**WORK TASK**
Leaving out the images, reproduce every line of the data that follows exactly.

**MATERIAL PROVIDED**
[Start of Attachment]

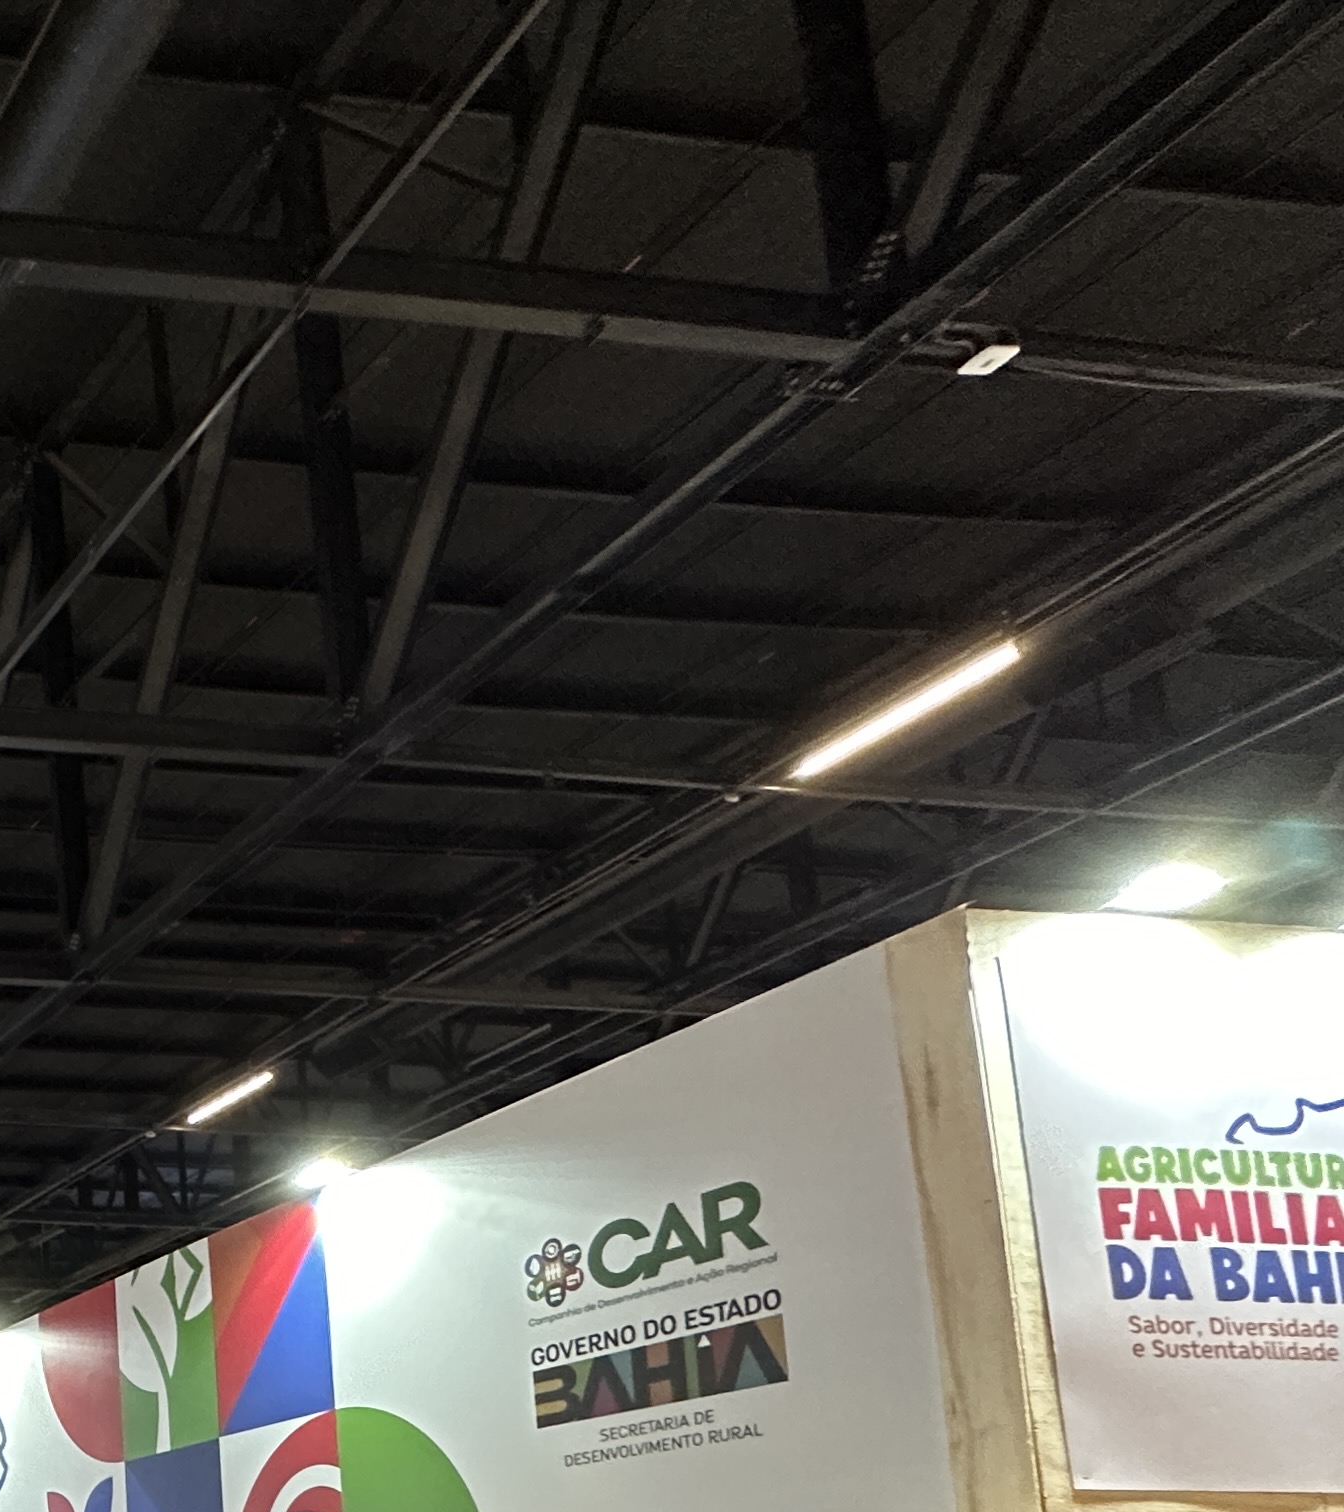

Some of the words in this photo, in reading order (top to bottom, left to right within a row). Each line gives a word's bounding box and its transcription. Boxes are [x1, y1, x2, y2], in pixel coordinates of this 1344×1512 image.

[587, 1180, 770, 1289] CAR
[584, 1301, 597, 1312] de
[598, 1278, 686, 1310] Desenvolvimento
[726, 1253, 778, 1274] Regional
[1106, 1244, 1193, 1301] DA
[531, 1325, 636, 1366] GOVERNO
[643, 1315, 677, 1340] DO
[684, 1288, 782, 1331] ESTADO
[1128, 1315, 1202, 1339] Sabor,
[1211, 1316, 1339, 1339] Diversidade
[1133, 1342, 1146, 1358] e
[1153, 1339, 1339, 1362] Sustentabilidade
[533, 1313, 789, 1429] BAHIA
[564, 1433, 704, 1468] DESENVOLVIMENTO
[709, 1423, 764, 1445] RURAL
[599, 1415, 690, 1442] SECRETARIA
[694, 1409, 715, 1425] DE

[End of Attachment]

**EXERCISE RESPONSE**
Some of the words in this photo, in reading order (top to bottom, left to right within a row). Each line gives a word's bounding box and its transcription. Boxes are [x1, y1, x2, y2], in pixel coordinates of this 1344×1512 image.

[587, 1180, 770, 1289] CAR
[584, 1301, 597, 1312] de
[598, 1278, 686, 1310] Desenvolvimento
[726, 1253, 778, 1274] Regional
[1106, 1244, 1193, 1301] DA
[531, 1325, 636, 1366] GOVERNO
[643, 1315, 677, 1340] DO
[684, 1288, 782, 1331] ESTADO
[1128, 1315, 1202, 1339] Sabor,
[1211, 1316, 1339, 1339] Diversidade
[1133, 1342, 1146, 1358] e
[1153, 1339, 1339, 1362] Sustentabilidade
[533, 1313, 789, 1429] BAHIA
[564, 1433, 704, 1468] DESENVOLVIMENTO
[709, 1423, 764, 1445] RURAL
[599, 1415, 690, 1442] SECRETARIA
[694, 1409, 715, 1425] DE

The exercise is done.